Slowmix is an online multimedia mixtape series, consisting of things I like or find interesting. It’s performative, but not in the way I associate with social media, more like when you want to impress someone you care about. It’s partly ‘do you see how cool I am?’, but equally, trying to get closer by sharing something small and personally significant. Each mix has a name, which doesn’t indicate a theme, just a vibe.

At the end of 2020 I made you a slowmix called WOLVES with: an amulet, folktales, horror zines, a Russian painting, binturongs and animal guts.


Amulet

This strange, dark, poem is included in The Puffin Book of Twentieth-Century Children’s Verse. I bought this book as a teenager, more interested in the idea of being someone who read poetry, than actual poetry.

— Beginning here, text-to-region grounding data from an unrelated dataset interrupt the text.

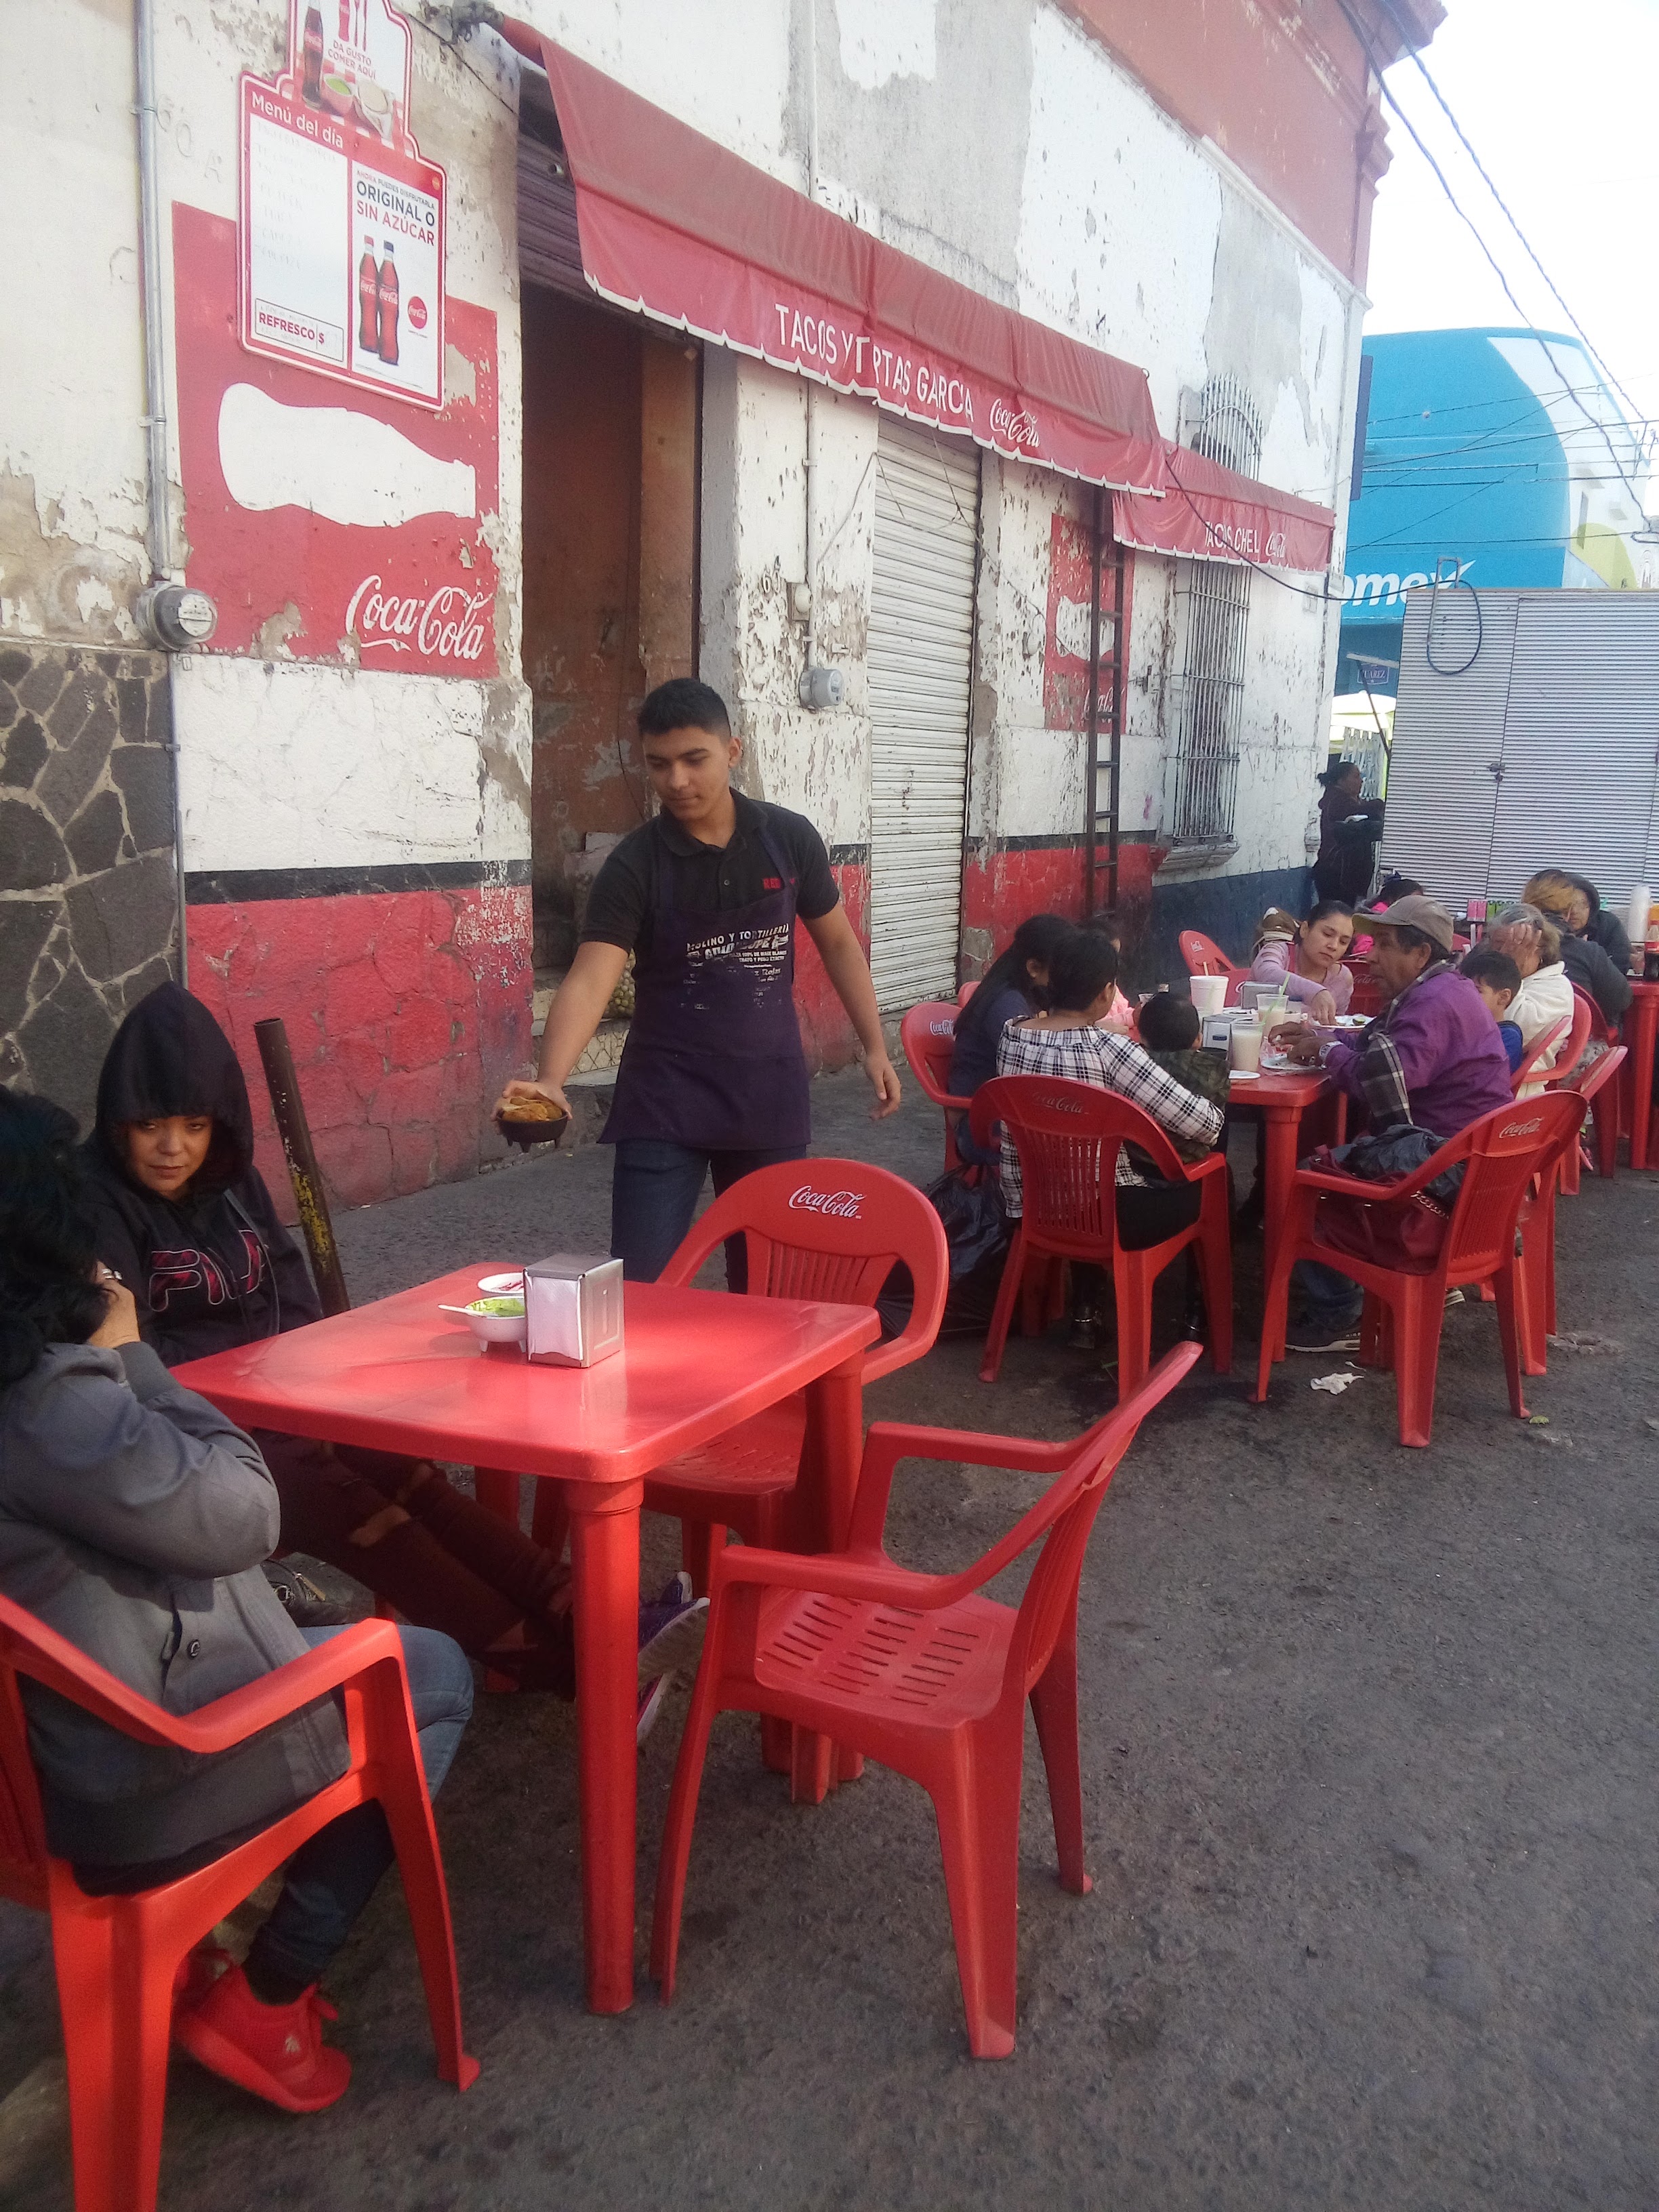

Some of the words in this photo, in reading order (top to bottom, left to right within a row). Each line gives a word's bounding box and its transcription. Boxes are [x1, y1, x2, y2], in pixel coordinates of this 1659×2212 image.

[328, 49, 355, 69] COMER
[333, 40, 344, 53] DA
[346, 48, 371, 66] GUSTO
[251, 91, 292, 125] Menú
[296, 114, 319, 137] del
[356, 180, 422, 222] ORIGINAL
[426, 211, 434, 227] O
[356, 200, 378, 222] SIN
[382, 211, 434, 247] AZÚCAR
[259, 312, 315, 340] REFRESCO
[775, 303, 838, 364] TACOS
[841, 329, 853, 369] Y
[989, 398, 1041, 448] Coca-Cola
[345, 575, 493, 661] Coca-Cola
[729, 933, 735, 942] Y
[788, 1185, 867, 1218] Coca-Cola
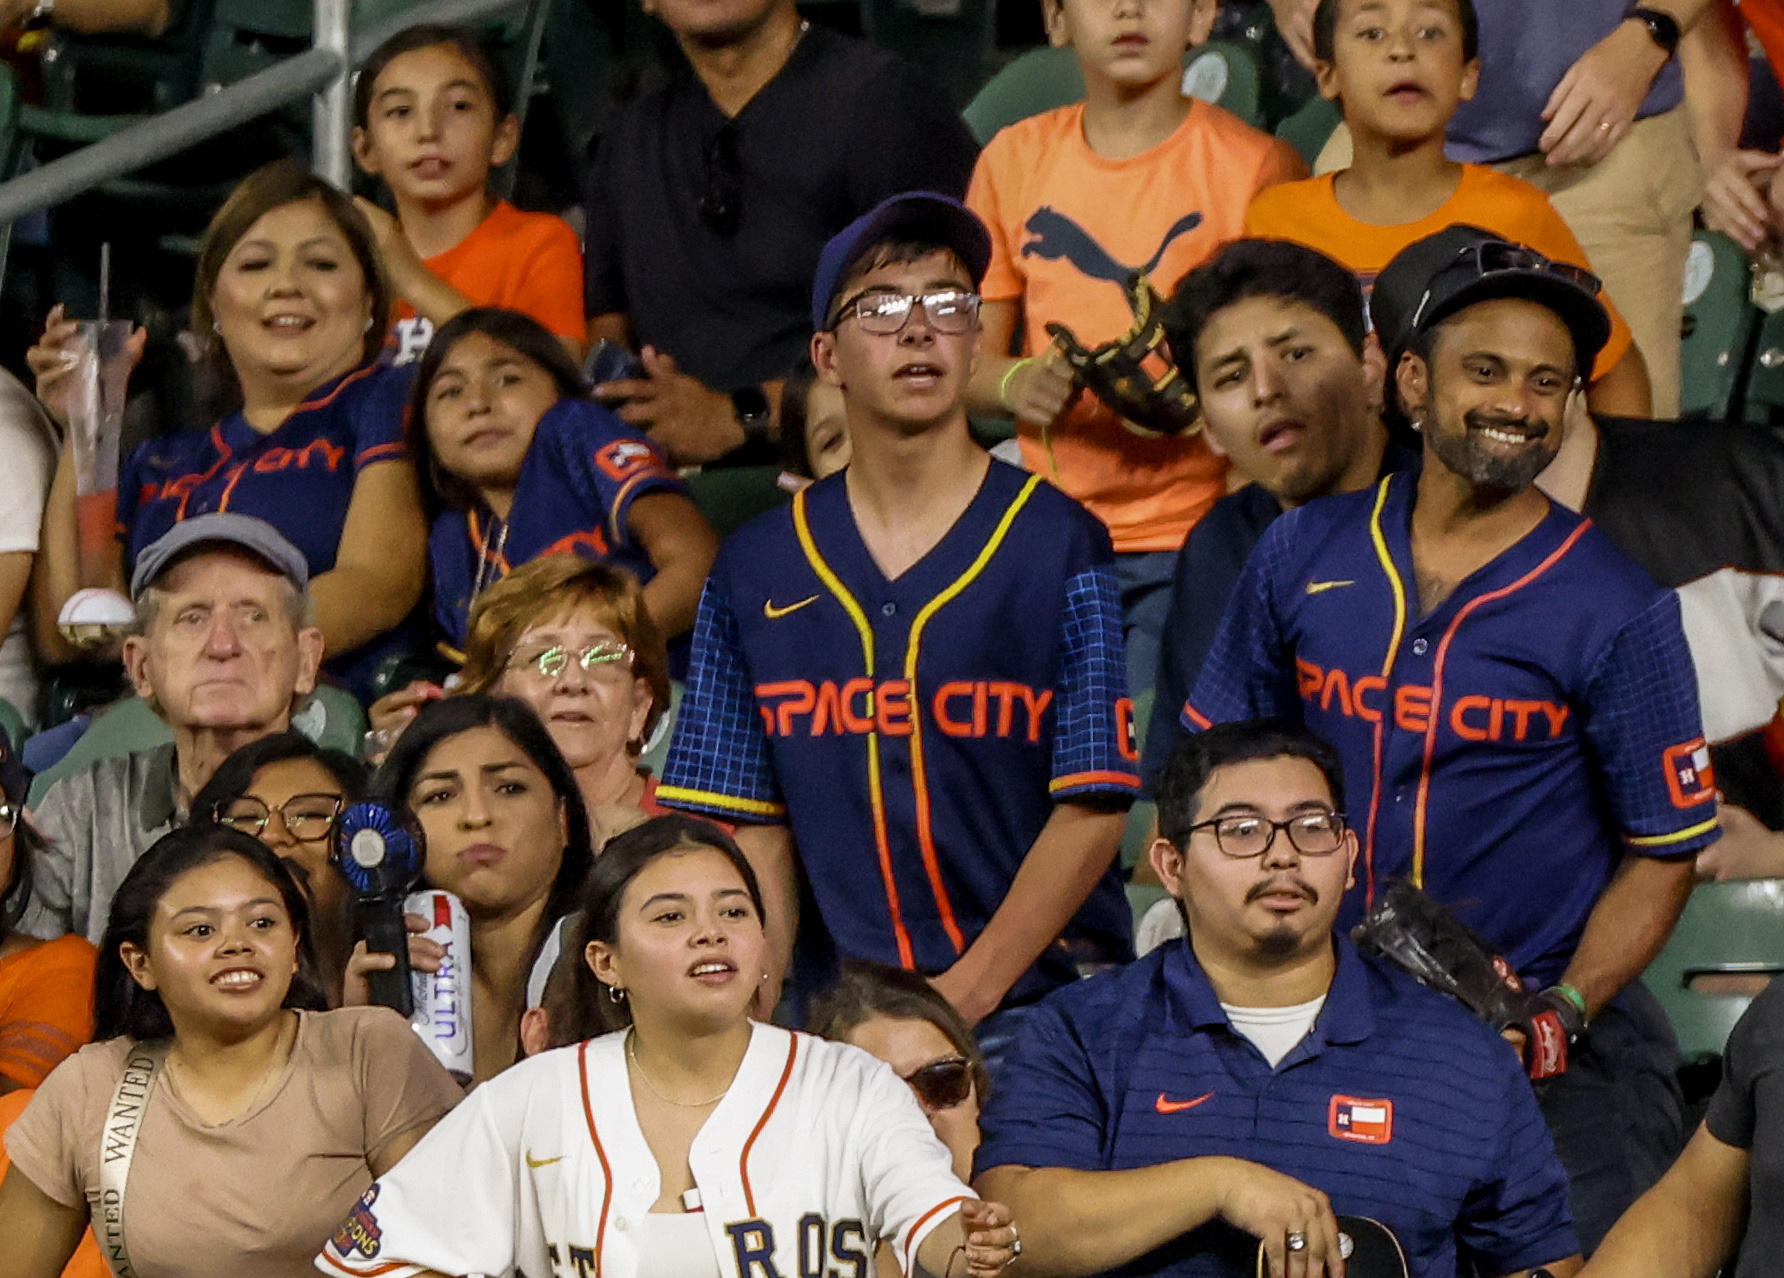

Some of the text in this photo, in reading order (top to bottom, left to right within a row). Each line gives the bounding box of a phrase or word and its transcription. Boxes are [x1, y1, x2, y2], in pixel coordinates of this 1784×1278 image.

[932, 680, 1053, 743] CITY
[1296, 657, 1570, 742] PACE CITY
[434, 941, 457, 1039] ULTRA
[104, 1056, 155, 1164] WANTED
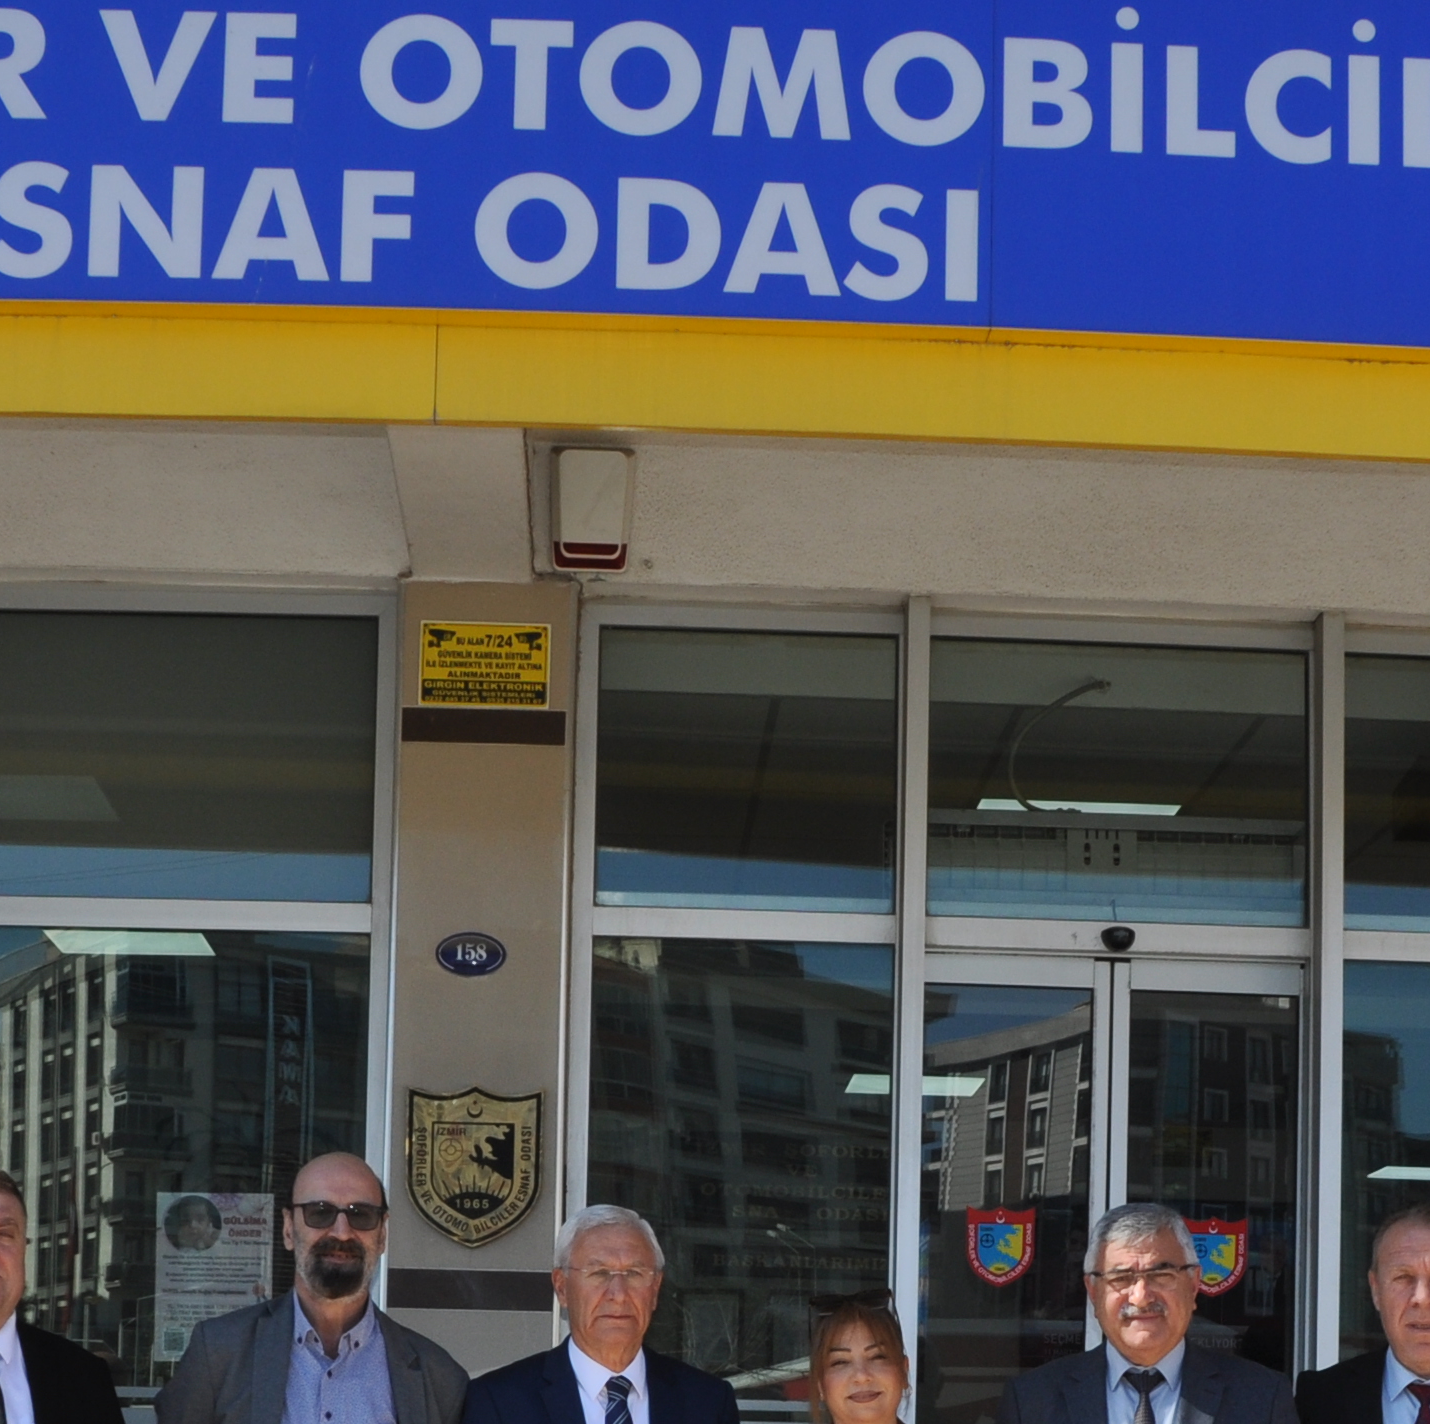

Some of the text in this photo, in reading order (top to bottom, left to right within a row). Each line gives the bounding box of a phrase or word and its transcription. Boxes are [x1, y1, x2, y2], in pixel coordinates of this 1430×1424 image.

[100, 10, 297, 124] VE
[475, 173, 979, 302] ODASI
[484, 634, 513, 648] 7/24
[437, 649, 472, 658] GÜVENLİK
[474, 651, 503, 660] KAMERA
[447, 670, 521, 680] ALINMAKTADIR
[455, 943, 487, 961] 158
[436, 1125, 467, 1137] İZMİR
[520, 1126, 532, 1162] ODASI
[514, 1168, 532, 1204] ESNAF
[455, 1198, 490, 1209] 1965

It’s by Ted Hughes (1930 – 1998), an English poet I don’t know anything about, except that there is good reason to think being married to him is what led Sylvia Plath to kill herself by putting her head in a gas oven. A lesser known fact is that his partner after Plath, Assia Wevill, a holocaust survivor, also killed herself, and their four-year old daughter… with a gas oven. Regardless, history seems to agree that he was a great poet.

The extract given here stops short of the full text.